When I was a little girl, I read the Little House books by Laura Ingalls Wilder. I loved every second of the stories and was excited to read them to Lydia. We read the first two books last year and after one of you suggested the audio versions read by Cherry Jones (that’s President Taylor for all you 24 fans), I picked up the 3rd book, Farmer Boy at the library. I wasn’t sure if Lydia would like it since it’s about…a boy–but my fears were unfounded. It is probably our favorite audiobook so far! My husband was even excited to listen to it. We would talk about the story over dinner and I’d think about it while cleaning or cooking. We kept the CDs in the car and I’d dream up places we needed to go just so we could listen to more of the story!
Farmer Boy is the story of Laura’s husband, Almanzo Wilder when he was a boy on his family’s farm in New York. It’s almost a documentary (if books can be documentaries) there is so much detail. It follows Almanzo through an entire year on the farm—the cold winter where they have to get up in the middle of the night to make sure the cows move and do not froze, the spring where they plant carrots, potatoes and grain; the summer when they raise pigs and pick berries; the fall is for harvesting pumpkins, hay and apples.
With every new season I was dumbfounded at the amount of work they did—they made candles to last an entire year, they butchered pigs and didn’t waste one piece, they sheared sheep so Mrs.

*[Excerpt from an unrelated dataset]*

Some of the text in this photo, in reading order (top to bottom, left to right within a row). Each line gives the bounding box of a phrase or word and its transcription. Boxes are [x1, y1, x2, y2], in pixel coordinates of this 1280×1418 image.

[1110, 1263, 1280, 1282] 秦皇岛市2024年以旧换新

Wilder could use it to make fabric, which she dyed herself. She even wove her own carpet for their parlor! They made shingles for roofs, cut ice blocks from the frozen lakes and raised every bit of food they would eat for the entire year.
The book begins with Almanzo’s 9th birthday. There was no special party, not even a special feast or a birthday cake. There was no special gathering or opening up birthday presents from all his friends. In fact, the only present he got was a yoke. A yoke. Like a piece of wood you put around two animals’ necks. He got this yoke so he could break and train his two young calves, Star and Bright. FOR HIS 9th BIRTHDAY. And when he saw the yoke, he was so happy. He was honored his father thought him old enough and mature enough to break the calves. He was excited to start WORKING with them!

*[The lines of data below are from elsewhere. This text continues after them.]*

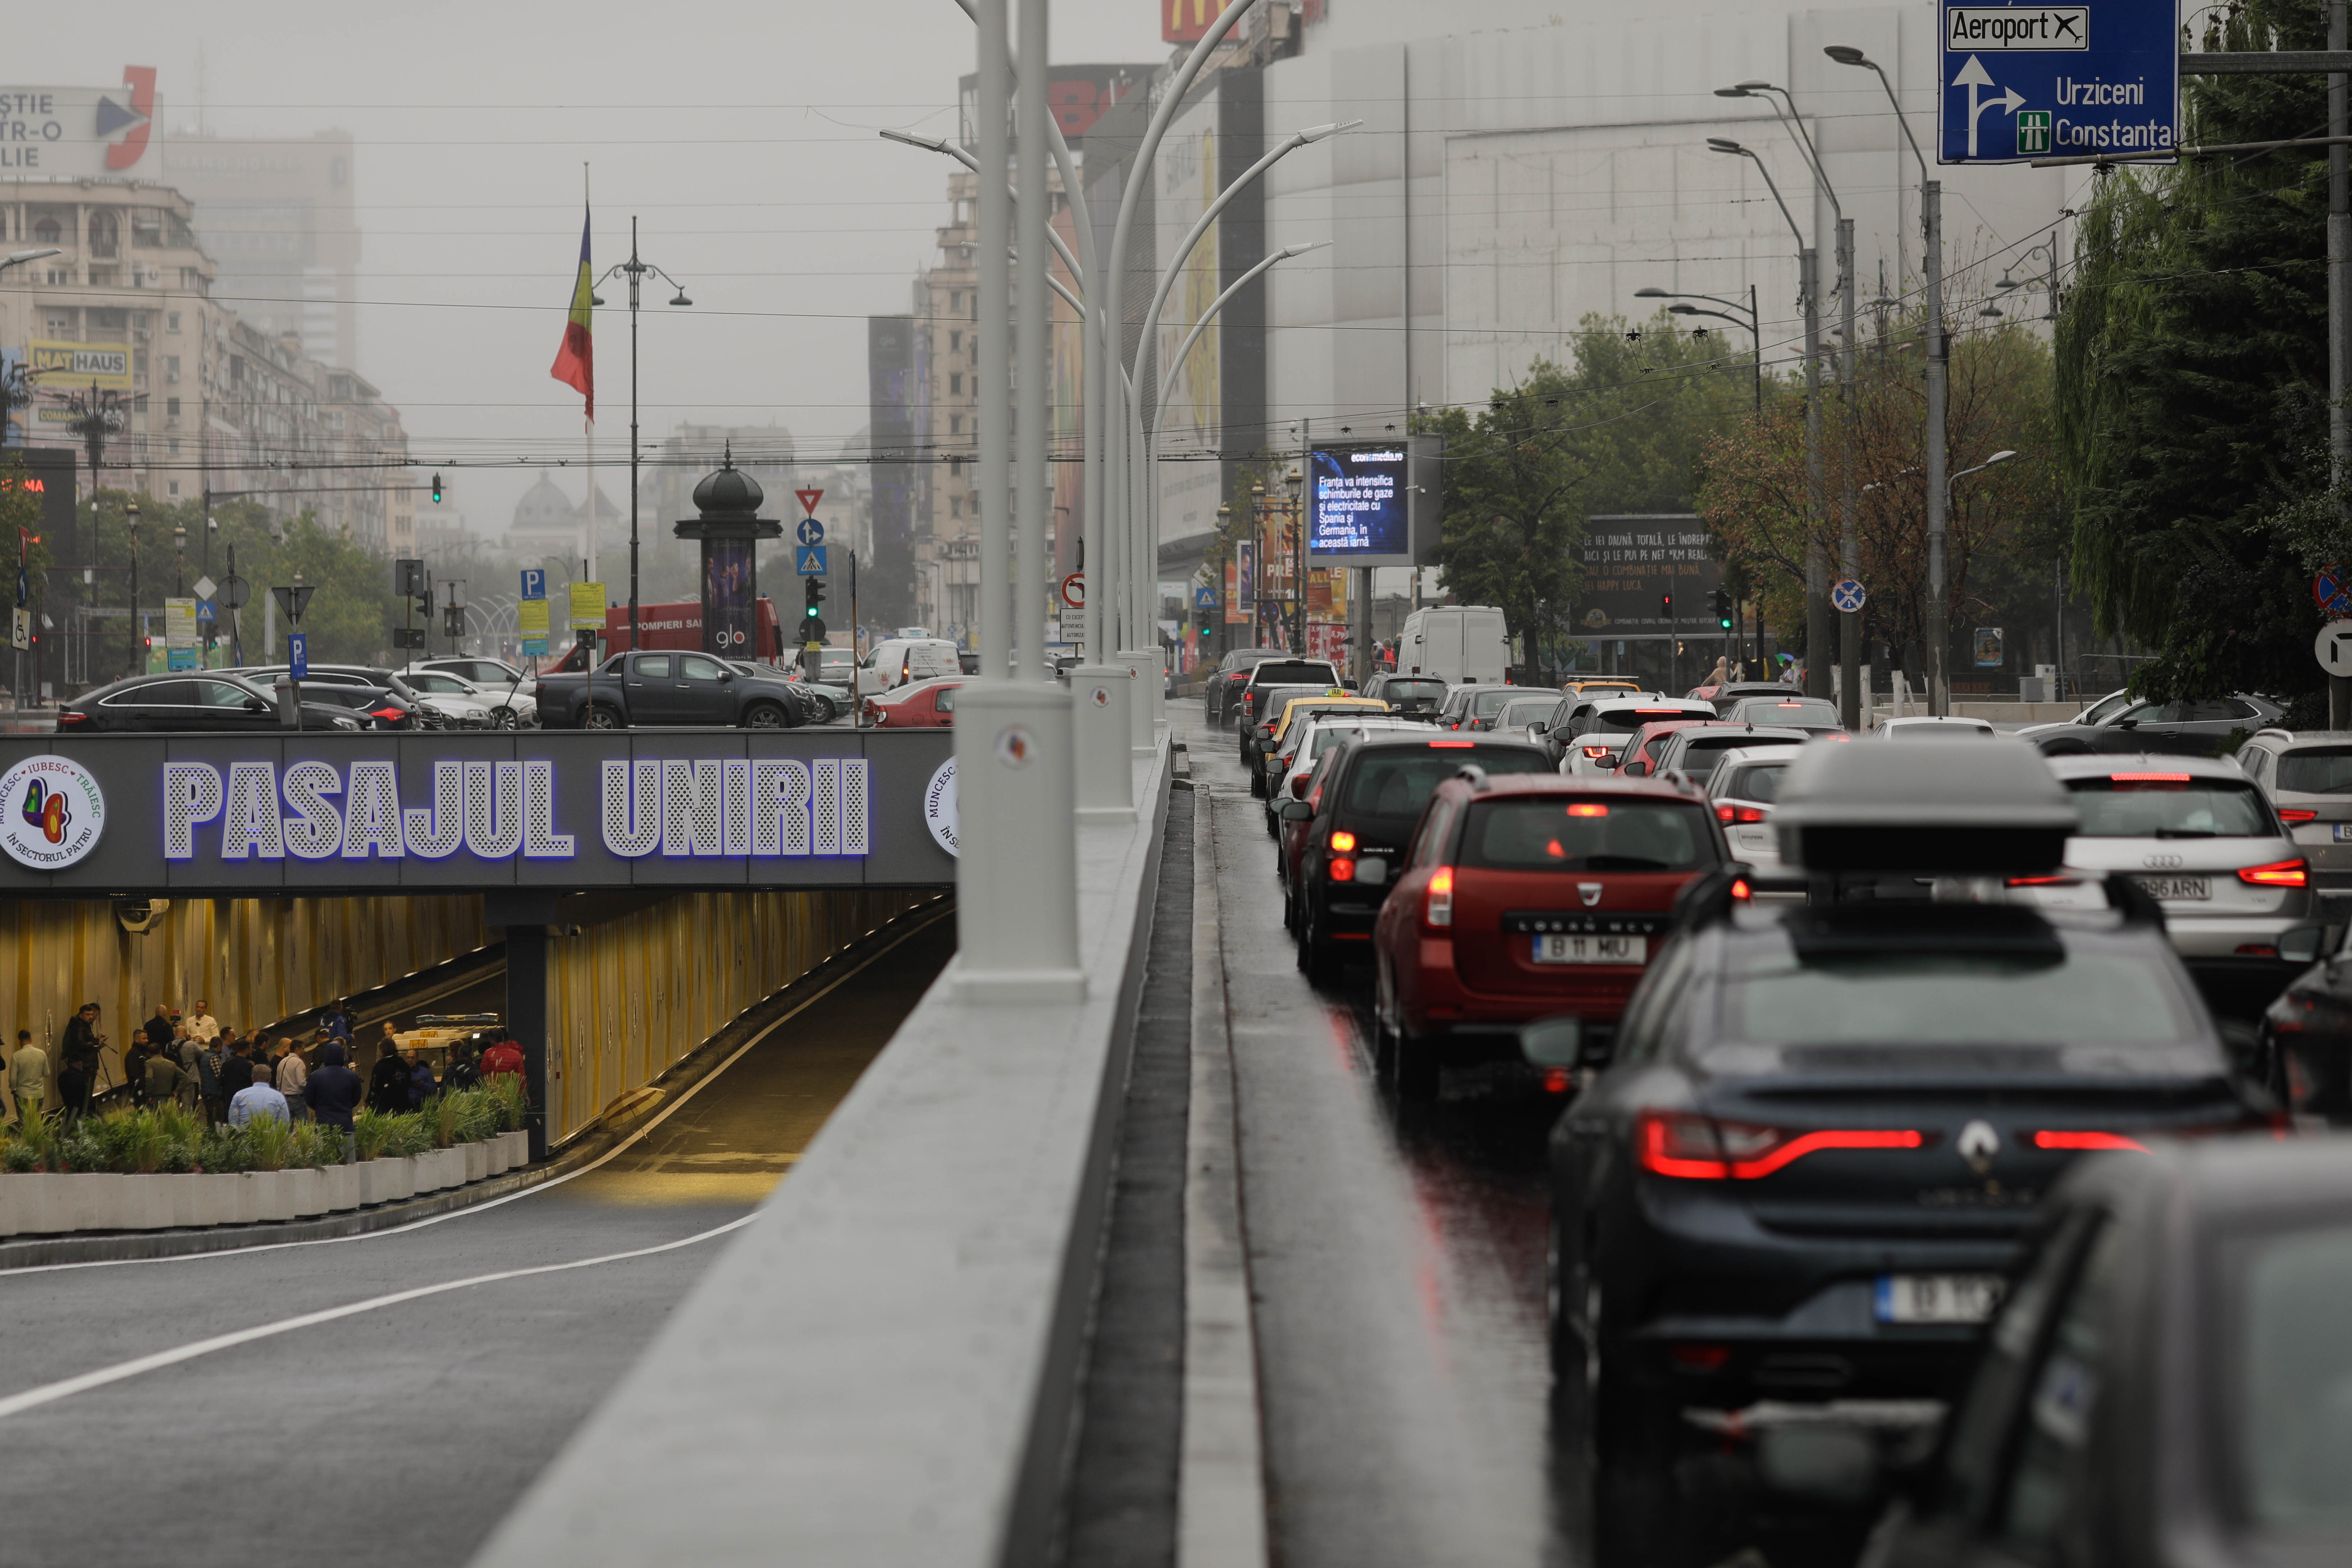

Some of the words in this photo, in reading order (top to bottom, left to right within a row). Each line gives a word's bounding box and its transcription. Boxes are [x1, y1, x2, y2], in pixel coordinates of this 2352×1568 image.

[1953, 12, 2048, 47] Aeroport
[2057, 77, 2144, 105] Urziceni
[2056, 119, 2171, 152] Constanța
[1351, 451, 1403, 462] economedia.ro
[1319, 476, 1343, 489] Franța
[1355, 475, 1393, 486] intensifica
[1319, 488, 1361, 499] schimburile
[1363, 488, 1373, 498] de
[1374, 489, 1393, 500] gaze
[1319, 500, 1325, 512] și
[1327, 500, 1369, 511] electricitate
[1371, 502, 1380, 510] cu
[1319, 512, 1345, 525] Spania
[1347, 513, 1353, 525] și
[1319, 525, 1358, 536] Germania,
[1360, 524, 1367, 534] în
[1319, 536, 1348, 548] această
[1350, 536, 1369, 547] iarnă
[1596, 536, 1604, 545] IEI
[1608, 532, 1633, 546] DAUNĂ
[1668, 535, 1676, 545] LE
[1584, 550, 1599, 561] AICI
[1603, 550, 1609, 563] ȘI
[1613, 550, 1621, 561] LE
[1624, 549, 1636, 561] PUI
[1640, 550, 1648, 561] PE
[1652, 549, 1666, 561] NET
[1603, 565, 1609, 575] O
[1612, 564, 1657, 577] COMBINAȚIE
[1661, 564, 1675, 575] MAI
[1584, 580, 1594, 591] IEI
[1597, 580, 1619, 590] HAPPY
[716, 623, 745, 649] glo
[1330, 645, 1345, 653] 6,99
[28, 762, 69, 774] IUBESC
[76, 773, 101, 818] TRĂIESC
[930, 766, 956, 818] MUNCESC
[163, 760, 575, 859] PASAJUL
[602, 758, 868, 856] UNIRII
[940, 825, 953, 840] ÎN
[6, 832, 19, 847] ÎN
[15, 844, 67, 862] SECTORUL
[68, 827, 92, 856] PATRU
[2172, 880, 2206, 897] ARN
[1518, 920, 1596, 932] LOGAN
[1551, 938, 1565, 957] B
[1574, 939, 1586, 956] 11

The more we listened to the book, the more I felt like my family and I were missing out on something. I’m not remotely suggesting I want to buy a farm, start weaving my own carpet and making my own candles in lieu of electricity. But I do want to do something hard. I want to work. I want to see my children get excited about doing something that has a greater result than entertainment. I want them to love being a part of our family because we make things happen, we work together to do big things.
I know this whole “hard things” is not new—I’ve posted about it a few times. I was listening to Farmer Boy at the same time I was reading Start Here by the Harris brothers. With those two combined, I actually felt convicted. Like I wasn’t doing something I was supposed to be doing. I sat down at the computer and wrote a title for a post: I Want To Be Wilder. But I couldn’t actually write anything about it yet. It’s been sitting in my drafts folder for 3 months. It’s a pun on Laura & Almanzo’s name but it also shows the way I feel. I feel like I’m a sleeping person. I feel drugged and lame and as if I’ve been living under water my whole life. And I don’t want to any more.
I walk around grocery stores and see people yelling at their kids while filling their cart with whatever the kid just demanded. I watch television and see immorality touted as normal and admirable. I read blogs and websites that focus on events and stories and products that are frankly, pointless.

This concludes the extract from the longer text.